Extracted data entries
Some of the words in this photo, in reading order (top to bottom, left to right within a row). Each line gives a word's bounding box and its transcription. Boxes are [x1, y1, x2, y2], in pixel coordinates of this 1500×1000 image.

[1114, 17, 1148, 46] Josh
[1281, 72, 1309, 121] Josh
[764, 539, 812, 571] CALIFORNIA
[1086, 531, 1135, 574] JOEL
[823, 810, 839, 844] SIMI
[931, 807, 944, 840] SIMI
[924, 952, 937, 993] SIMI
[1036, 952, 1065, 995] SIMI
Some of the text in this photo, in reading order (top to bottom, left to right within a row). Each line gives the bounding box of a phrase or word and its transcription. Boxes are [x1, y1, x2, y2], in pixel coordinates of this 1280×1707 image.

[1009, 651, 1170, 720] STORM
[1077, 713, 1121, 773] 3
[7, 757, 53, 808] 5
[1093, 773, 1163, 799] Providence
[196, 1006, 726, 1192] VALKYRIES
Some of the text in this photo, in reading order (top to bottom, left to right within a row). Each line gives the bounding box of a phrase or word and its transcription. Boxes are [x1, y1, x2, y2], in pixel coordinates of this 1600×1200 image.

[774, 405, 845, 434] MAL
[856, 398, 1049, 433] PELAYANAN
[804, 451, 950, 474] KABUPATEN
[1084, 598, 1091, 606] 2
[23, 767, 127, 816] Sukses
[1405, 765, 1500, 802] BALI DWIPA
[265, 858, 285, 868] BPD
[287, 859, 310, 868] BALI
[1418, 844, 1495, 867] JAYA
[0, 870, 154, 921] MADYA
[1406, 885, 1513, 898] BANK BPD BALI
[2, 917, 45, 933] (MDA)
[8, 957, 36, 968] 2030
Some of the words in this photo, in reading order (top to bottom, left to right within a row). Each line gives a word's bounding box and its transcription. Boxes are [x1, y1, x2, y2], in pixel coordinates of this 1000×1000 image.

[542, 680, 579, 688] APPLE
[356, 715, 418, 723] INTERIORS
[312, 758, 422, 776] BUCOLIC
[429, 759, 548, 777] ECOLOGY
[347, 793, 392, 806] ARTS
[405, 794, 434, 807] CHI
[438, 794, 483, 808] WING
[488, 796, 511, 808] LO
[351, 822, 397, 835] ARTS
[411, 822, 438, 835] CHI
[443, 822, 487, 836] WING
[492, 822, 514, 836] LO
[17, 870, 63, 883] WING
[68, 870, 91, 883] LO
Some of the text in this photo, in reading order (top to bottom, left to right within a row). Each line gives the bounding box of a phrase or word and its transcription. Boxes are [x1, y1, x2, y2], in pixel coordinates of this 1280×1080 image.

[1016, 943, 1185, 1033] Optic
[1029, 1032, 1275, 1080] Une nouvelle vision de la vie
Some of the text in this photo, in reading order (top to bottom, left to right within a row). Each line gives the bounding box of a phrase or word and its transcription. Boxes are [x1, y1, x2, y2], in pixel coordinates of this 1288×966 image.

▸ About this exercise
Repeat every record, keeping each line exactly as it is.

▸ Solution to this exercise
Some of the words in this photo, in reading order (top to bottom, left to right within a row). Each line gives a word's bounding box and its transcription. Boxes are [x1, y1, x2, y2], in pixel coordinates of this 1500×1000 image.

[1114, 17, 1148, 46] Josh
[1281, 72, 1309, 121] Josh
[764, 539, 812, 571] CALIFORNIA
[1086, 531, 1135, 574] JOEL
[823, 810, 839, 844] SIMI
[931, 807, 944, 840] SIMI
[924, 952, 937, 993] SIMI
[1036, 952, 1065, 995] SIMI
Some of the text in this photo, in reading order (top to bottom, left to right within a row). Each line gives the bounding box of a phrase or word and its transcription. Boxes are [x1, y1, x2, y2], in pixel coordinates of this 1280×1707 image.

[1009, 651, 1170, 720] STORM
[1077, 713, 1121, 773] 3
[7, 757, 53, 808] 5
[1093, 773, 1163, 799] Providence
[196, 1006, 726, 1192] VALKYRIES
Some of the text in this photo, in reading order (top to bottom, left to right within a row). Each line gives the bounding box of a phrase or word and its transcription. Boxes are [x1, y1, x2, y2], in pixel coordinates of this 1600×1200 image.

[774, 405, 845, 434] MAL
[856, 398, 1049, 433] PELAYANAN
[804, 451, 950, 474] KABUPATEN
[1084, 598, 1091, 606] 2
[23, 767, 127, 816] Sukses
[1405, 765, 1500, 802] BALI DWIPA
[265, 858, 285, 868] BPD
[287, 859, 310, 868] BALI
[1418, 844, 1495, 867] JAYA
[0, 870, 154, 921] MADYA
[1406, 885, 1513, 898] BANK BPD BALI
[2, 917, 45, 933] (MDA)
[8, 957, 36, 968] 2030
Some of the words in this photo, in reading order (top to bottom, left to right within a row). Each line gives a word's bounding box and its transcription. Boxes are [x1, y1, x2, y2], in pixel coordinates of this 1000×1000 image.

[542, 680, 579, 688] APPLE
[356, 715, 418, 723] INTERIORS
[312, 758, 422, 776] BUCOLIC
[429, 759, 548, 777] ECOLOGY
[347, 793, 392, 806] ARTS
[405, 794, 434, 807] CHI
[438, 794, 483, 808] WING
[488, 796, 511, 808] LO
[351, 822, 397, 835] ARTS
[411, 822, 438, 835] CHI
[443, 822, 487, 836] WING
[492, 822, 514, 836] LO
[17, 870, 63, 883] WING
[68, 870, 91, 883] LO
Some of the text in this photo, in reading order (top to bottom, left to right within a row). Each line gives the bounding box of a phrase or word and its transcription. Boxes are [x1, y1, x2, y2], in pixel coordinates of this 1280×1080 image.

[1016, 943, 1185, 1033] Optic
[1029, 1032, 1275, 1080] Une nouvelle vision de la vie
Some of the text in this photo, in reading order (top to bottom, left to right within a row). Each line gives the bounding box of a phrase or word and its transcription. Boxes are [x1, y1, x2, y2], in pixel coordinates of this 1288×966 image.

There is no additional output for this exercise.